## DESCRIPTION OF THE TASK
Please restate, word for word, each line from the one containing "this 2048×1536 image." through the end of the entries below.

(Saved entries)
BEGIN
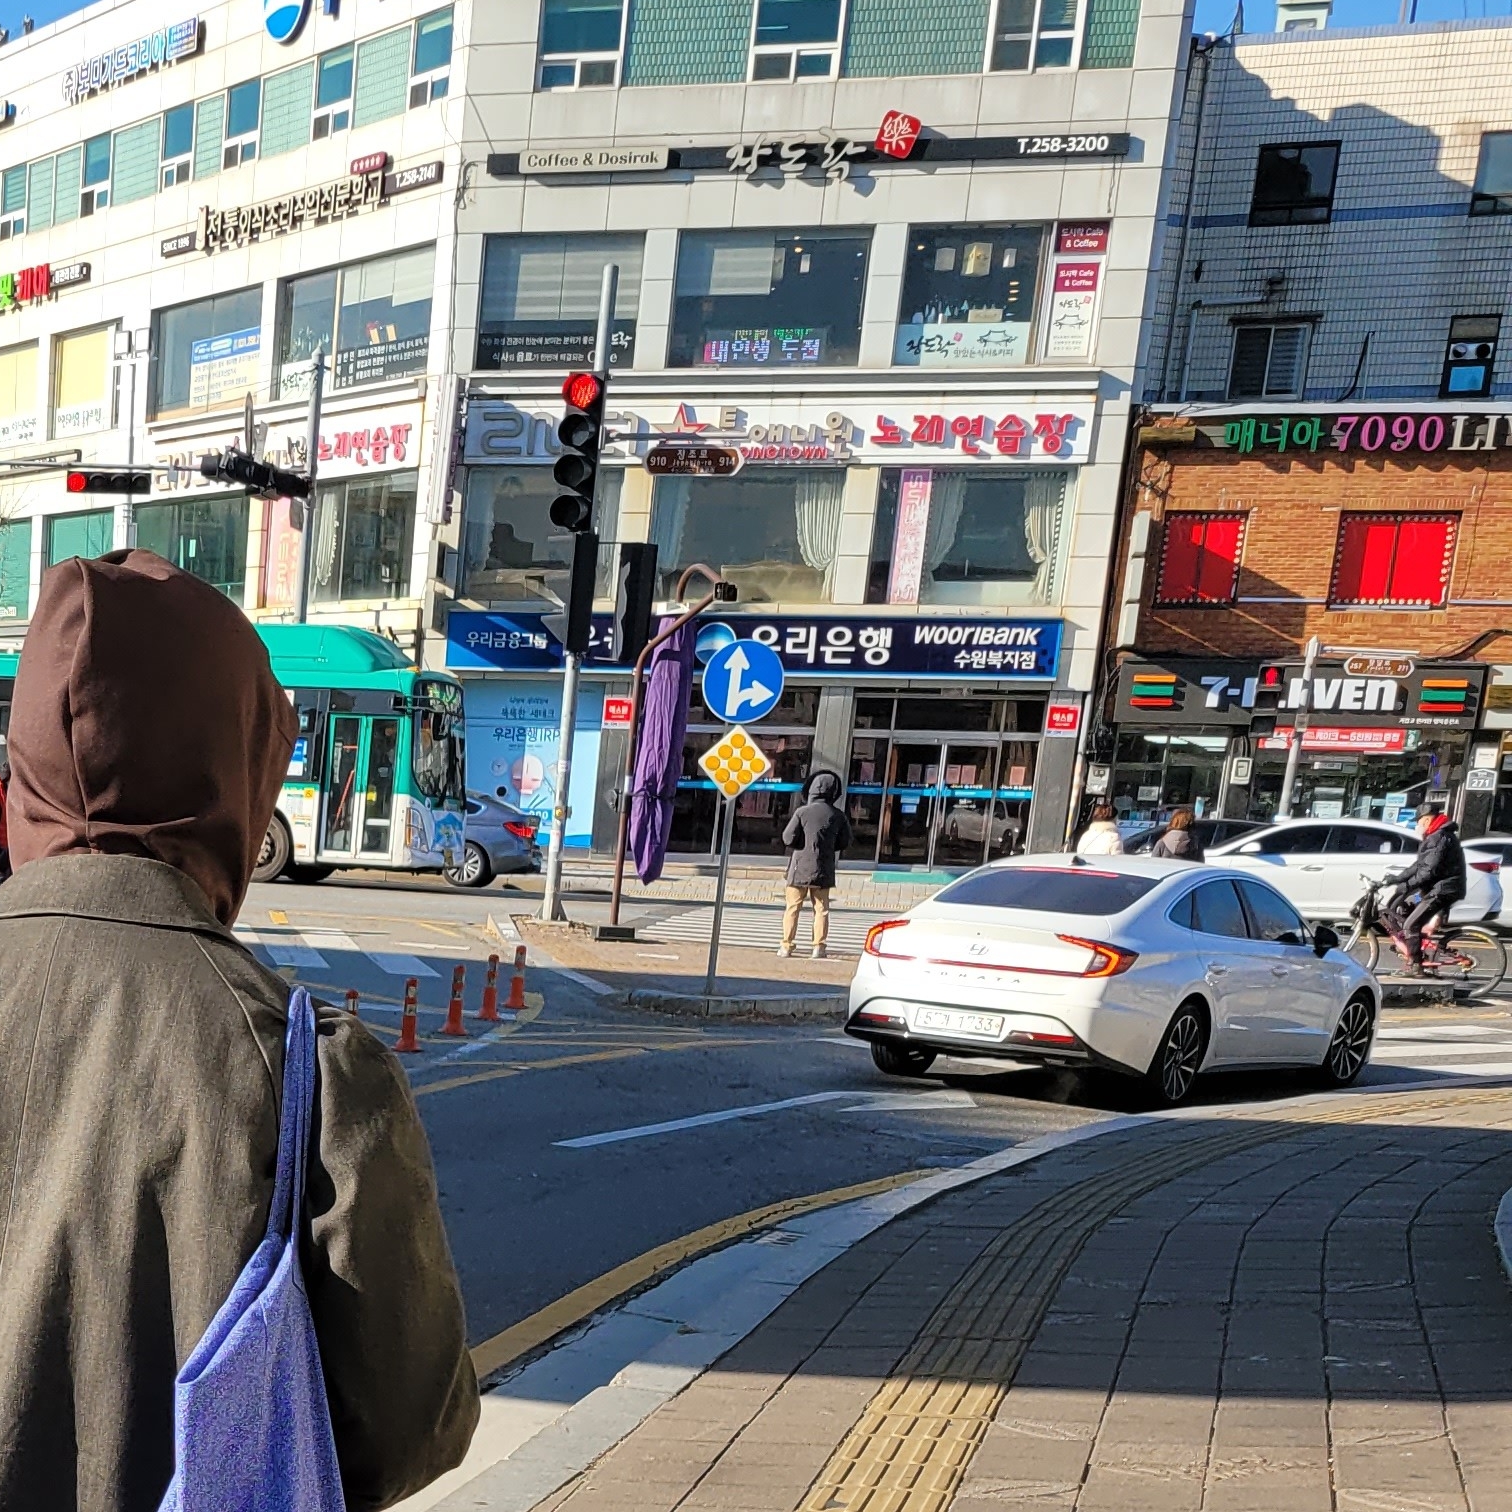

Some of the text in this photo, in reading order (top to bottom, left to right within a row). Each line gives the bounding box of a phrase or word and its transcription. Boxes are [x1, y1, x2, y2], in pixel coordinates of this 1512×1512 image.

[726, 126, 866, 182] 장도락
[1017, 134, 1110, 155] T.258-3200
[526, 145, 660, 168] Coffee & Dosirak
[1074, 239, 1098, 247] Coffee
[1085, 228, 1103, 236] Cafe
[906, 334, 956, 359] 장도락
[318, 423, 412, 466] 노래연습장
[869, 413, 1075, 456] 노래연습장
[1223, 417, 1326, 453] 매니아
[1335, 415, 1445, 452] 7090
[649, 456, 667, 467] 910
[466, 630, 548, 650] 우리금융그룹
[751, 625, 894, 667] 우리은행
[954, 650, 1037, 670] 수원북지점
[1472, 777, 1490, 788] 271
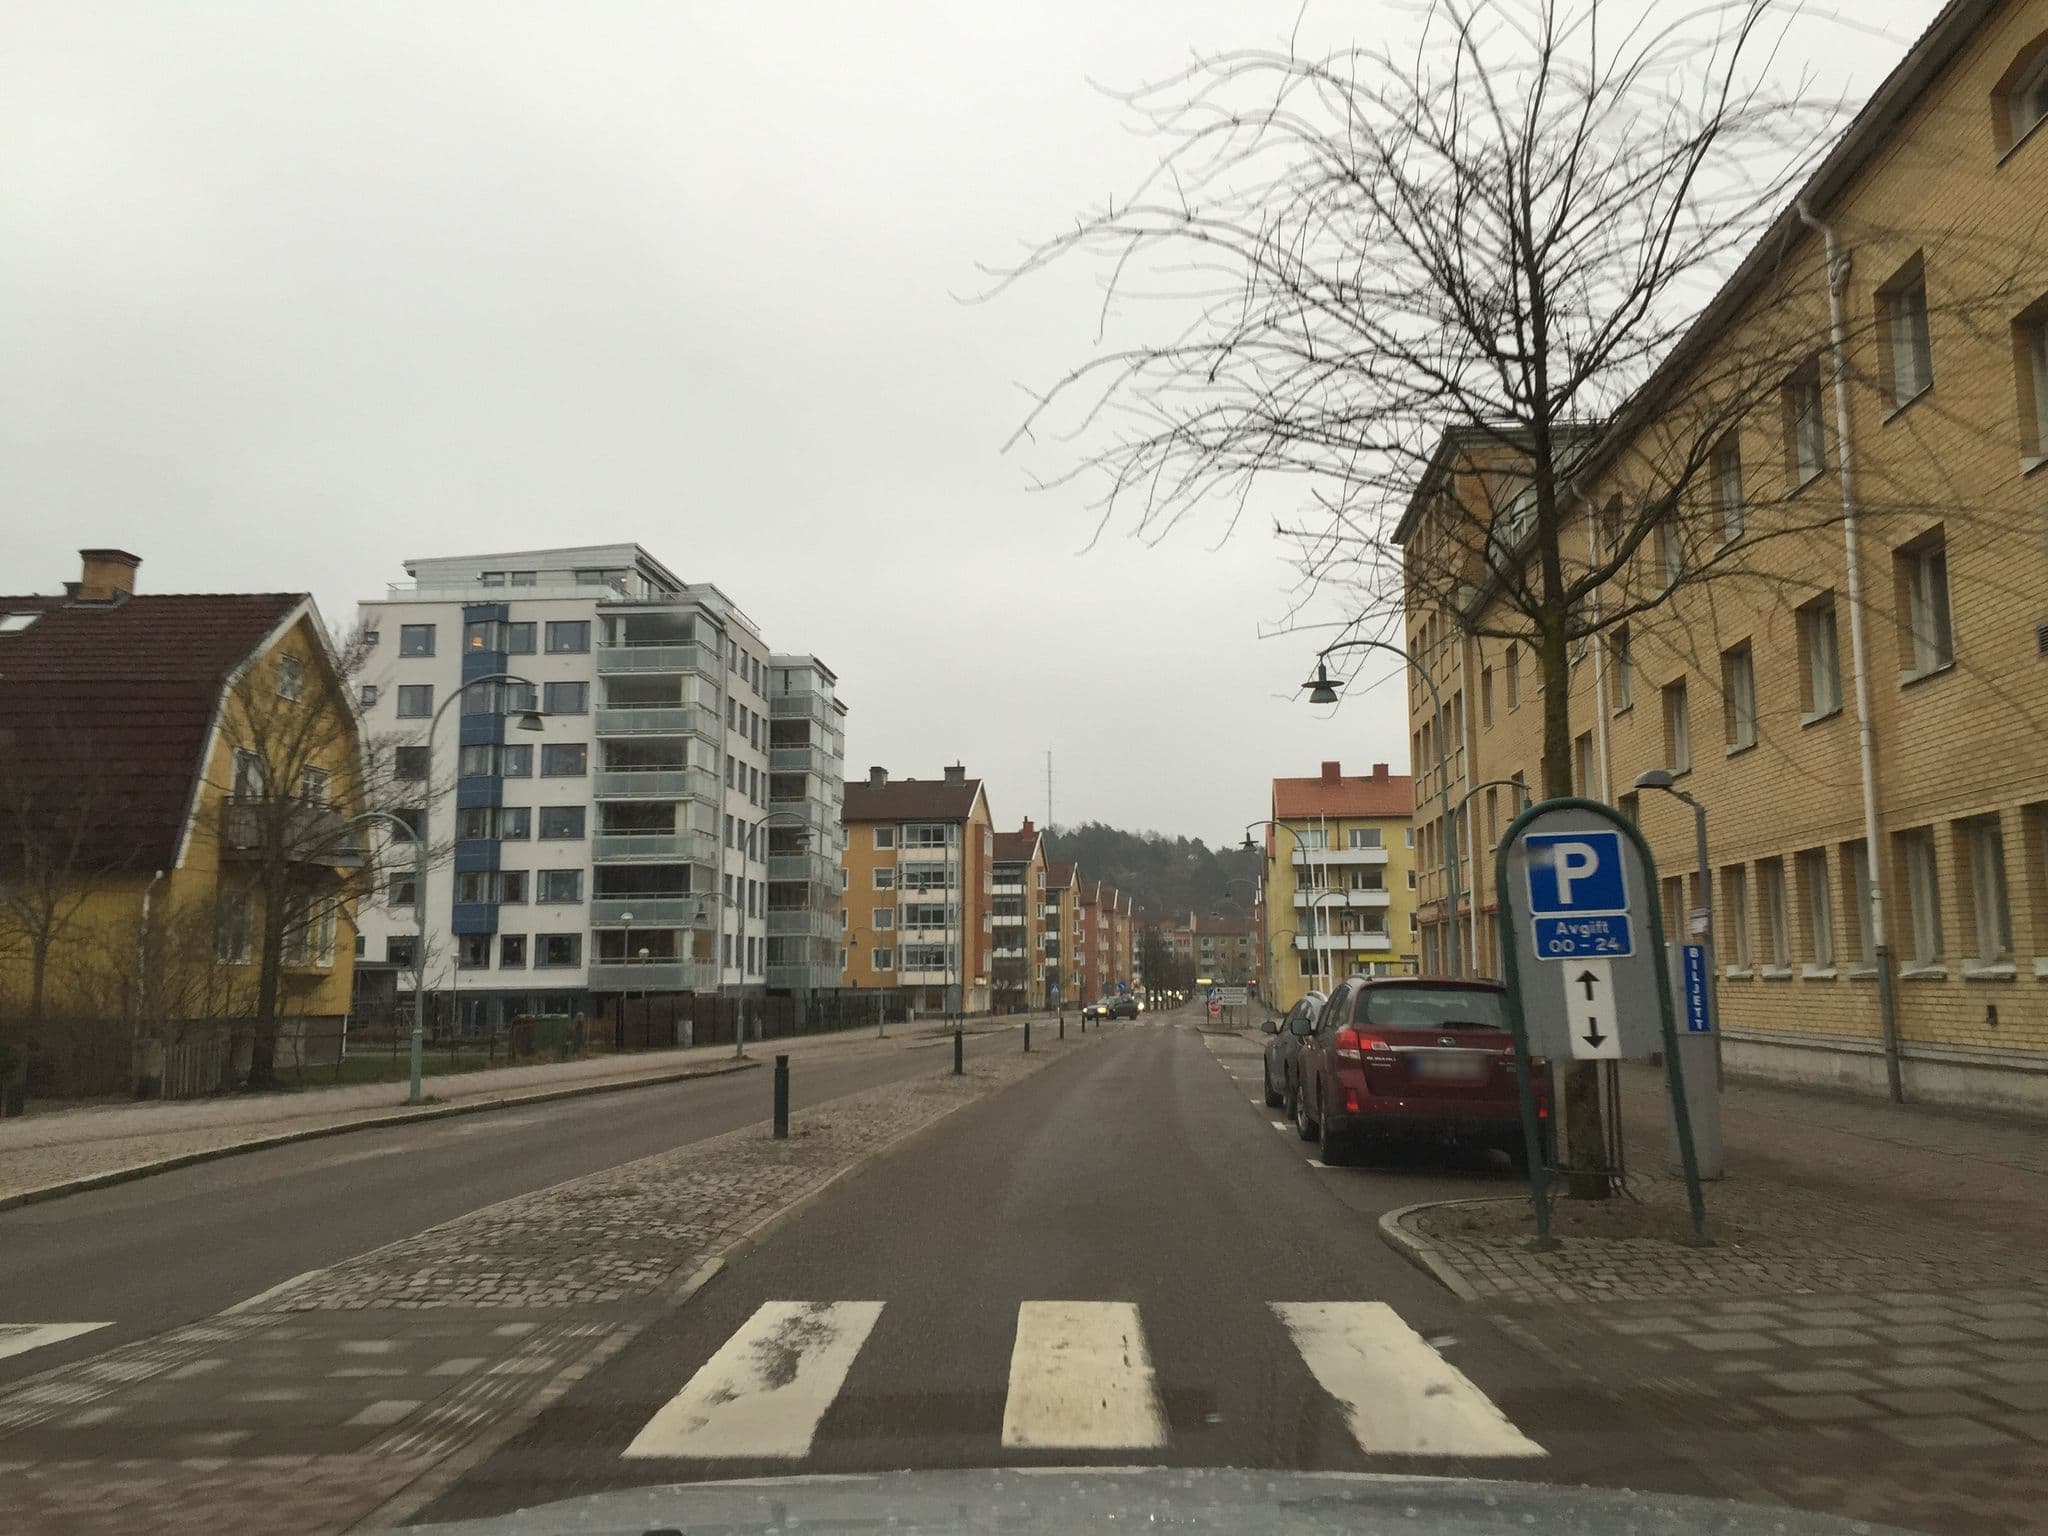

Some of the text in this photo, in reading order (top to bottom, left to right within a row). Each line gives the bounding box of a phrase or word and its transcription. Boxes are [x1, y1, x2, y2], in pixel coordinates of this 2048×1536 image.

[1553, 842, 1600, 904] P
[1548, 938, 1576, 953] 00
[1594, 936, 1621, 951] 24
[1555, 920, 1609, 938] Avgift
[1689, 947, 1703, 1030] BILJETT
END
## ANSWER SPACE
Some of the text in this photo, in reading order (top to bottom, left to right within a row). Each line gives the bounding box of a phrase or word and its transcription. Boxes are [x1, y1, x2, y2], in pixel coordinates of this 2048×1536 image.

[1553, 842, 1600, 904] P
[1548, 938, 1576, 953] 00
[1594, 936, 1621, 951] 24
[1555, 920, 1609, 938] Avgift
[1689, 947, 1703, 1030] BILJETT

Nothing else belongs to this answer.